→ Exercise prompt
Word for word, copy out every line of the records, omitting each picture.

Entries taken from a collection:
········
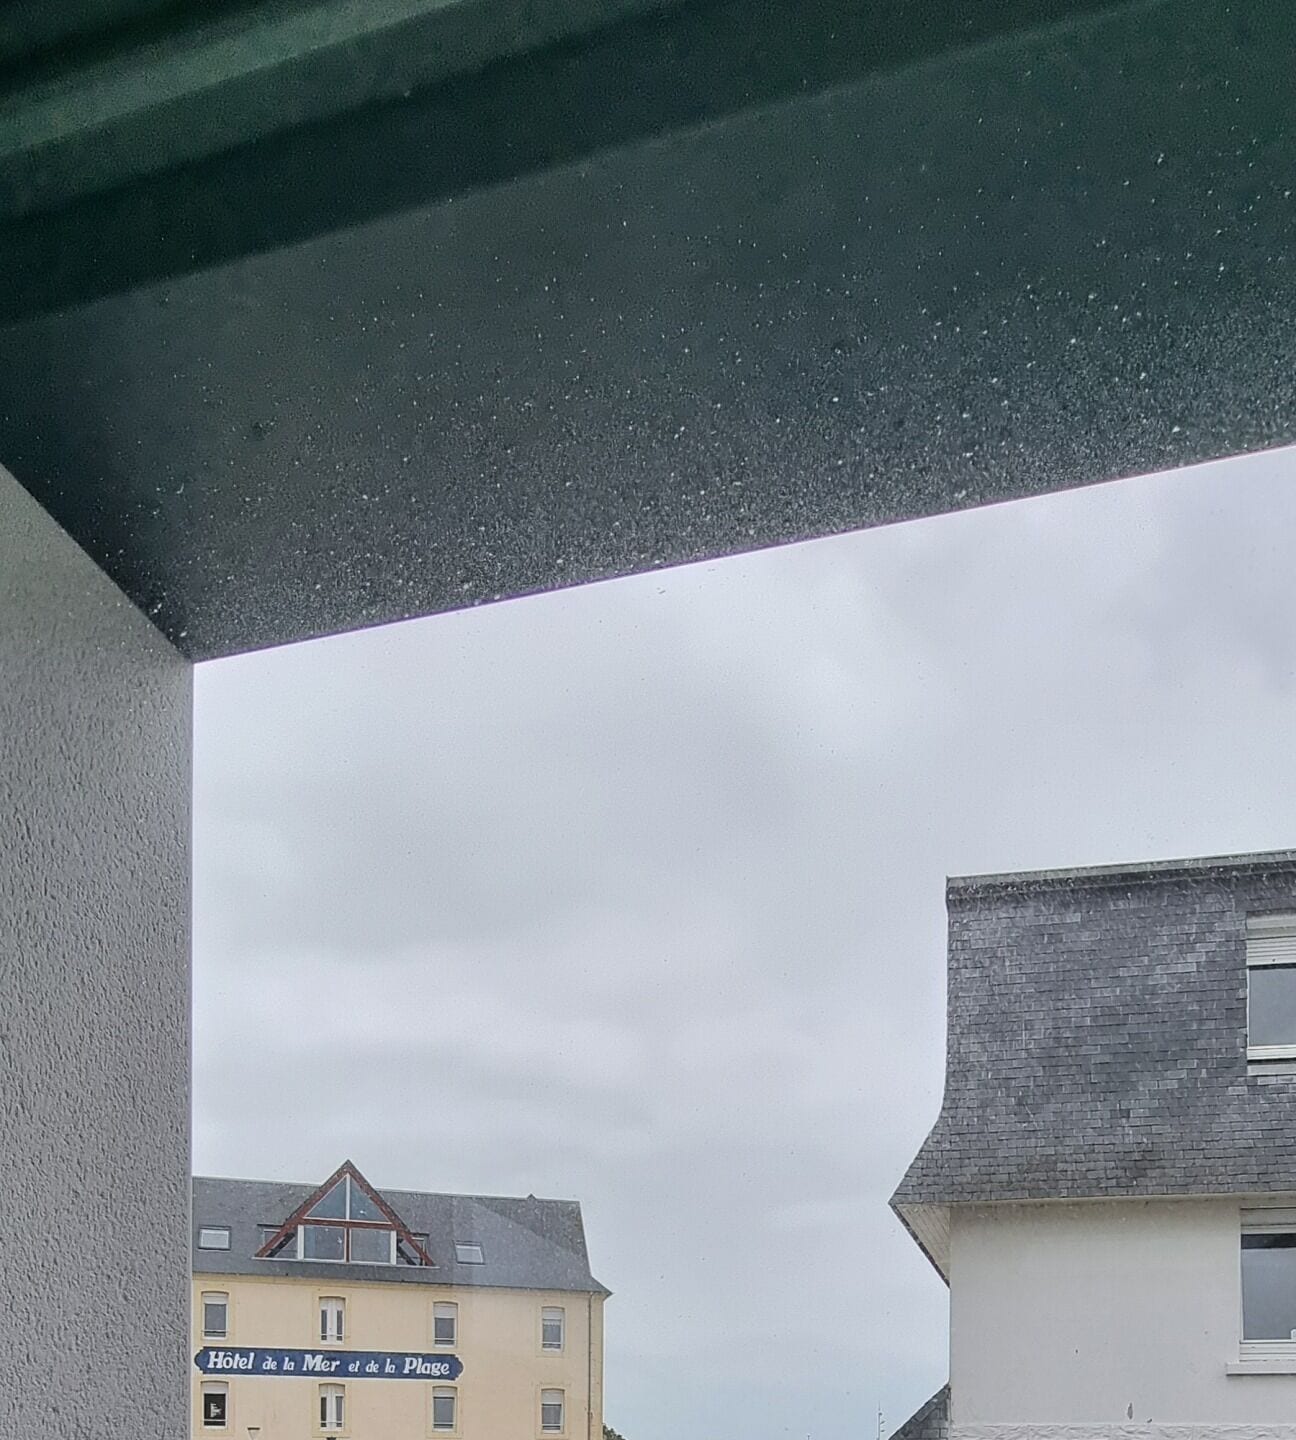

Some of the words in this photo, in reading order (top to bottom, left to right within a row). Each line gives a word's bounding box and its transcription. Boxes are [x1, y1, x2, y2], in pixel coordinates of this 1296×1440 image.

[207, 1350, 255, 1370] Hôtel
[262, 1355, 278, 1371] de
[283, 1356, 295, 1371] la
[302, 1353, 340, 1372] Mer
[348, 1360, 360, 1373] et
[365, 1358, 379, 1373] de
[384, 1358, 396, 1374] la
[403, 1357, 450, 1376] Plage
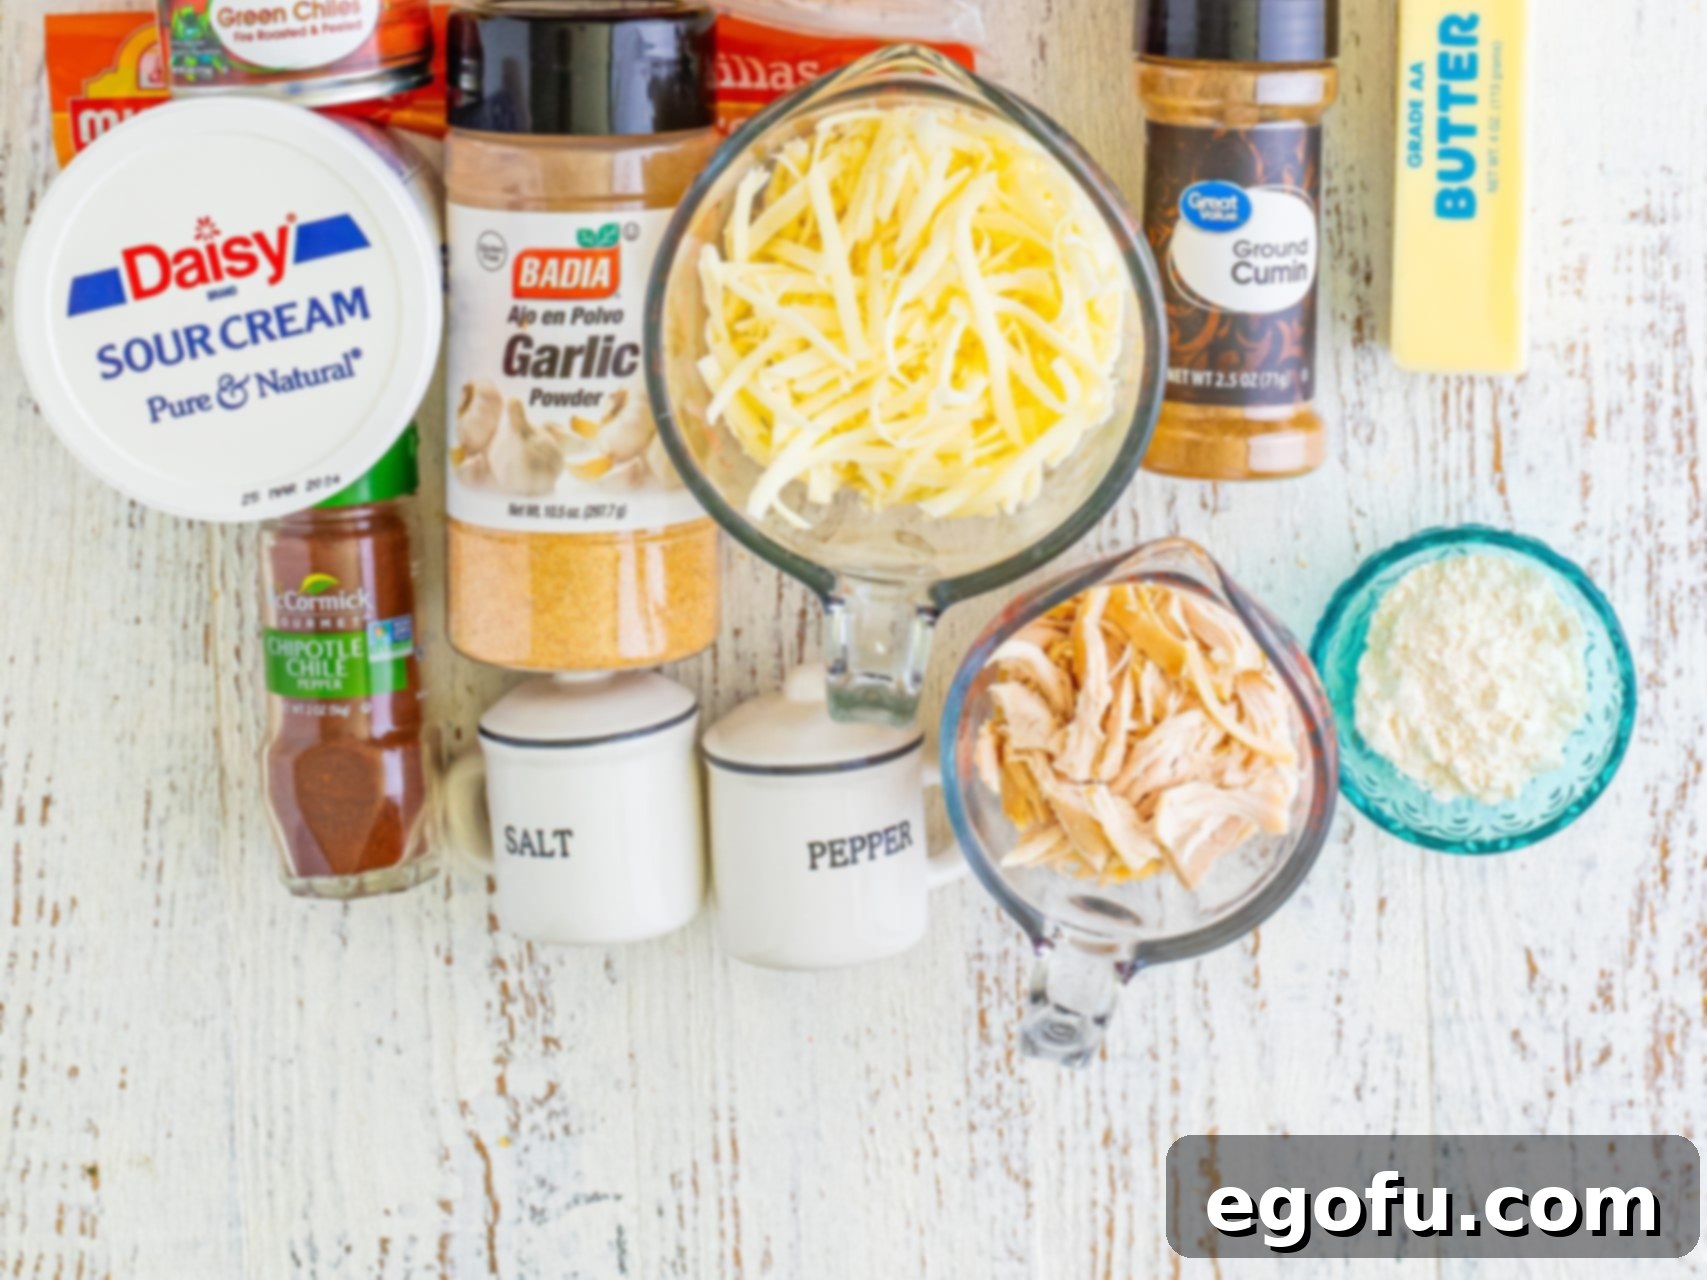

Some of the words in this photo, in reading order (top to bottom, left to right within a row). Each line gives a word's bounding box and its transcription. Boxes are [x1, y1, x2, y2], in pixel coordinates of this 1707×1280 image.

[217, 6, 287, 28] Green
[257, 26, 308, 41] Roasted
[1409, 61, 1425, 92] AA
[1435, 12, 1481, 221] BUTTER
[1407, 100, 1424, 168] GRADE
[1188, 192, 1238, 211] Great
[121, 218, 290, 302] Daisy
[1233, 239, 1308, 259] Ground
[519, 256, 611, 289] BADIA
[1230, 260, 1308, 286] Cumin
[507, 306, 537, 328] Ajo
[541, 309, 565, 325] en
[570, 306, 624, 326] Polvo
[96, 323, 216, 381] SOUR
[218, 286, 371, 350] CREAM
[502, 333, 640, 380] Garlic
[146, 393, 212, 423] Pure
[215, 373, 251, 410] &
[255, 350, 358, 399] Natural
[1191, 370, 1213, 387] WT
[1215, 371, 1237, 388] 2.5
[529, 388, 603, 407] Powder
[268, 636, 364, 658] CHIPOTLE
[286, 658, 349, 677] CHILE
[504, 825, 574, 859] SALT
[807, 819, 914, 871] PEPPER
········
→ Reply
Some of the words in this photo, in reading order (top to bottom, left to right within a row). Each line gives a word's bounding box and its transcription. Boxes are [x1, y1, x2, y2], in pixel coordinates of this 1296×1440 image.

[207, 1350, 255, 1370] Hôtel
[262, 1355, 278, 1371] de
[283, 1356, 295, 1371] la
[302, 1353, 340, 1372] Mer
[348, 1360, 360, 1373] et
[365, 1358, 379, 1373] de
[384, 1358, 396, 1374] la
[403, 1357, 450, 1376] Plage

Some of the words in this photo, in reading order (top to bottom, left to right within a row). Each line gives a word's bounding box and its transcription. Boxes are [x1, y1, x2, y2], in pixel coordinates of this 1707×1280 image.

[217, 6, 287, 28] Green
[257, 26, 308, 41] Roasted
[1409, 61, 1425, 92] AA
[1435, 12, 1481, 221] BUTTER
[1407, 100, 1424, 168] GRADE
[1188, 192, 1238, 211] Great
[121, 218, 290, 302] Daisy
[1233, 239, 1308, 259] Ground
[519, 256, 611, 289] BADIA
[1230, 260, 1308, 286] Cumin
[507, 306, 537, 328] Ajo
[541, 309, 565, 325] en
[570, 306, 624, 326] Polvo
[96, 323, 216, 381] SOUR
[218, 286, 371, 350] CREAM
[502, 333, 640, 380] Garlic
[146, 393, 212, 423] Pure
[215, 373, 251, 410] &
[255, 350, 358, 399] Natural
[1191, 370, 1213, 387] WT
[1215, 371, 1237, 388] 2.5
[529, 388, 603, 407] Powder
[268, 636, 364, 658] CHIPOTLE
[286, 658, 349, 677] CHILE
[504, 825, 574, 859] SALT
[807, 819, 914, 871] PEPPER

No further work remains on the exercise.